Looking to increase your single or aggregate bonding limitations? This week we will explore what any contractor can do to wow their bonding company and increase the bond amounts in which they qualify for.
What Bonding Companies Want:
Bonding companies are guaranteeing your performance. Therefore, they want to feel comfortable that you have the experience and financial means to effectively complete your project. If a claim arises, the surety wants to know you will do everything you can to alleviate the situation and prevent a loss.
A bond underwriter needs to know that the managing members of an organization have previous experience in the line of work in the contract. They also want to know about any education, accomplishments, and certifications. You will want to create a resume just as if you were applying for a job for the key individuals of your company. The goal is to give the underwriter the confidence that you will not cause a claim while being 100% honest.
Business Financial Statements:
Experience in a line of work does not necessarily mean you have the ability to complete the job without fault. An underwriter needs to know that your company is financially prepared for all scenarios. They will need your balance sheet and profit and loss (also known as income statement) statements. The underwriter is going to want to see your most recent year end business financial statement (sometimes 2 years) and possibly a current statement. The current statement can be internal. Lets take a look at what you can do to make your company look it’s best on paper!
1) Choosing the proper accounting method
Cash Method – The most simplistic method of them all. It works just fine for taxes, but does not give the meaningful data that an underwriter needs in order to approve you for a large bond line.
Accrual Method – A big step up from a cash basis. It includes additions like accounts receivable accounts and gives an underwriter a much clearer picture. However, it may not be appropriate if you are a large contractor eyeing up large public contracts.
Percentage of Completion Method – An ideal method for most large contracts.
Completed Contract Method – The most sophisticated method of all. It is not necessary except for mega-multi-year contracts.
TIP: It is a good idea to discuss what method best suites your needs with your agent, as you don’t want to pay your CPA for work unnecessarily.
2) Choosing the proper statement type
Compilation Report – The most basic type of financial statement. A compilation report will not allow a contractor to do any work above $500,000.
Reviewed Report – A reviewed statement will suffice for most contractors, as using this type of report along with the “Percentage of Completion Method” will allow for limits up to $20 million.
Audited Report – The highest level of assurance for accurate figures. It is extremely rare for audited reports to be required.

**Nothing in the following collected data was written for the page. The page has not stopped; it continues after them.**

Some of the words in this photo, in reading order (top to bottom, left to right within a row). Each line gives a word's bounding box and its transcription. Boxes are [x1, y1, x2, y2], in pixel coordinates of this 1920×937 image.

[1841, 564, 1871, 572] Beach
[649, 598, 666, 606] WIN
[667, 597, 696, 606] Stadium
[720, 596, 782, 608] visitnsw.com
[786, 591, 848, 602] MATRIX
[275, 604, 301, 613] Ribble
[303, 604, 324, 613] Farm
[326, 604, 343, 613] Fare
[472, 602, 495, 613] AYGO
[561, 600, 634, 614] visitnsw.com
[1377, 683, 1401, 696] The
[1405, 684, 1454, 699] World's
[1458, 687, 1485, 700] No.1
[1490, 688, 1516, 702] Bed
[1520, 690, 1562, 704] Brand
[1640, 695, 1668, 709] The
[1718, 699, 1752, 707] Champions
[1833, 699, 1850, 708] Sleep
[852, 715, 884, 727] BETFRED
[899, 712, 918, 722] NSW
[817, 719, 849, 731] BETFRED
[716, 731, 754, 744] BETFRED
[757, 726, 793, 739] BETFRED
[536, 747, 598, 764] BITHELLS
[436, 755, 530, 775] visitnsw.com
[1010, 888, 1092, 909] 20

TIP: Not sure what type of report your CPA is preparing? You can always find it on the first page of the statement.
3) Add to your net worth
A companies net worth is a very big determining factor for suretyship qualification. For tax reasons, you likely try to get your net worth as low as possible. However, when it comes to a bond line, the higher your net worth is the better. Lowering tax payments and increasing bond lines are completely opposite goals, so you will need to decide on what is more important. Let’s take a minute to review some things you can do to increase your company’s net worth.
Loan your company money – A temporary fix for a low net worth. Obviously, you are going to want the company to repay the loan someday, so net income will eventually have to increase to compensate. Also, the surety may require a subordination agreement that prevents the company from paying you back without surety consent.
Corporate Stock – Selling corporate stock would also increase your net worth and would be preferred over a loan.
Loan Repayment – If the company has lent any funds to the stockholders, now may be a good time for repayment, as this asset will be deducted by the surety, but not by Uncle Sam. If the loan is on your year end financial statements, a letter from your accountant that the loan has been repaid should suffice.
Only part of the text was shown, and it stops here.